Because of God’s grace to me, I have laid the foundation like an expert builder. Now others are building on it. But whoever is building on this foundation must be very careful. For no one can lay any foundation other than the one we already have – Jesus Christ. Anyone who builds on that foundation may use a variety of materials – gold, silver, jewels, wood, hay, or straw. But on the judgment day, fire will reveal what kind of work each builder has done. The fire will show if a person’s work has any value. If the work survives, that builder will receive a reward.
1 Corinthians 3:10-14 NLT
Jesus is our foundation, our cornerstone. In this passage, our works are imagined to be a building that will survive the fire of judgment so long as everything is built on Jesus. Draw the temple that you are building on Christ. Then draw the temple you have built with your self or the world as a foundation. What are your bricks made of for each temple?
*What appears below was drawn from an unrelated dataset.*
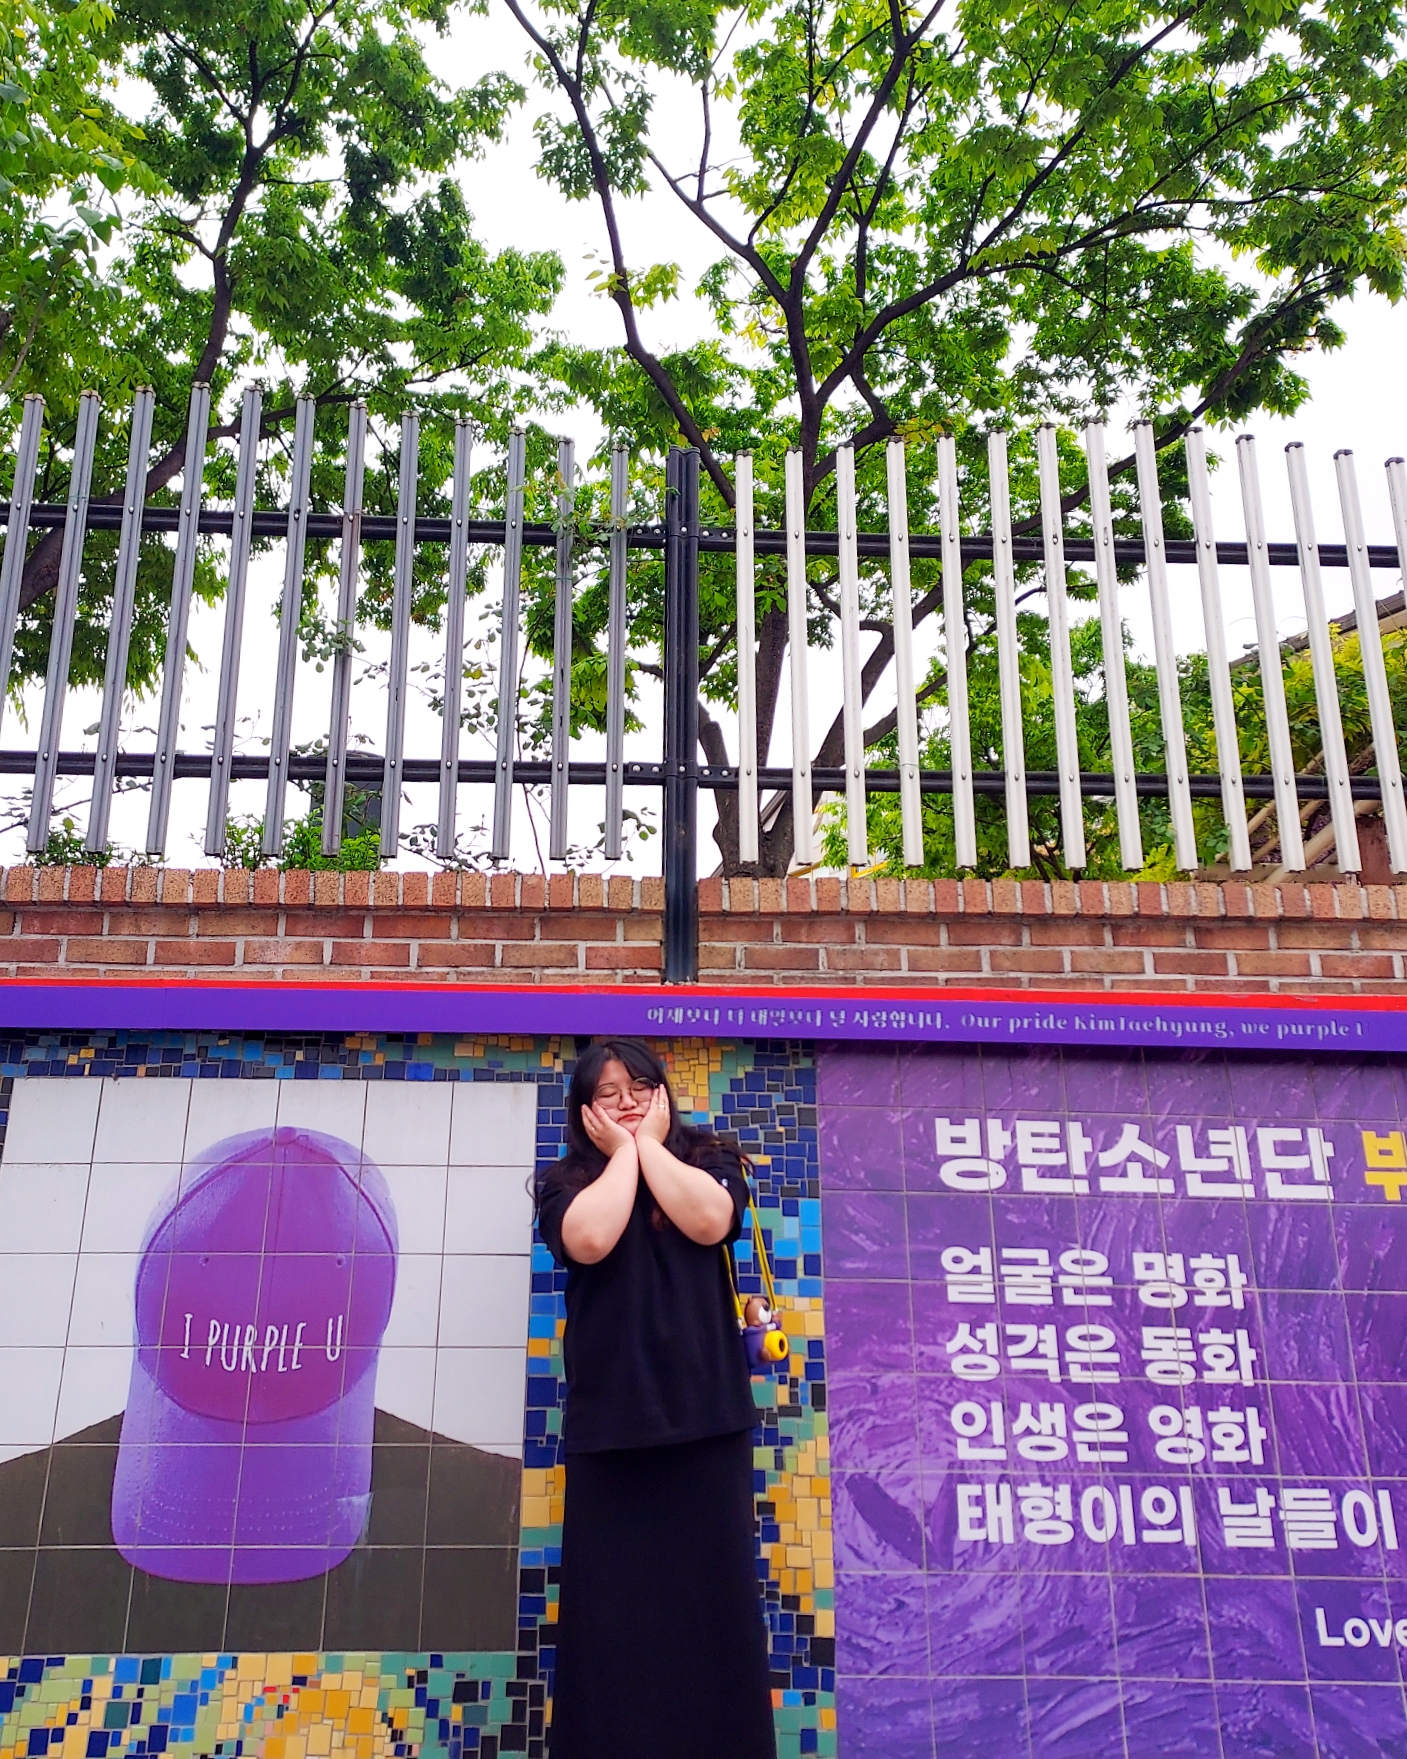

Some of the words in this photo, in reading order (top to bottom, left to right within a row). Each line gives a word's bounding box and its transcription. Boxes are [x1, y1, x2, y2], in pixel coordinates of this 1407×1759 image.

How solid is the foundation of each temple?
And when you fast, don’t make it obvious, as the hypocrites do, for they try to look miserable and disheveled so people will admire them for their fasting. I tell you the truth, that is the only reward they will ever get. But when you fast, comb your hair and wash your face. Then no one will notice that you are fasting, except your Father, who knows what you do in private. And your Father, who sees everything, will reward you.
Matthew 6:16-18 NLT
Fasting as a spiritual discipline serves to focus our energy on God, and not to draw accolades on ourselves. Using this scripture as a reference, write an advice column answer to someone seeking guidance on fasting.
Don’t believe me unless I carry out my Father’s work. But if I do his work, believe in the evidence of the miraculous works I have done, even if you don’t believe me. Then you will know and understand that the Father is in me, and I am in the Father.
John 10:37-38 NLT
The miracles Jesus did left evidence behind, and that evidence pointed straight to Jesus being the Son of God. What evidence of Jesus at work do you see in your own life? Draw something that represents the proof that he is working in your life and that Jesus is who he says he is.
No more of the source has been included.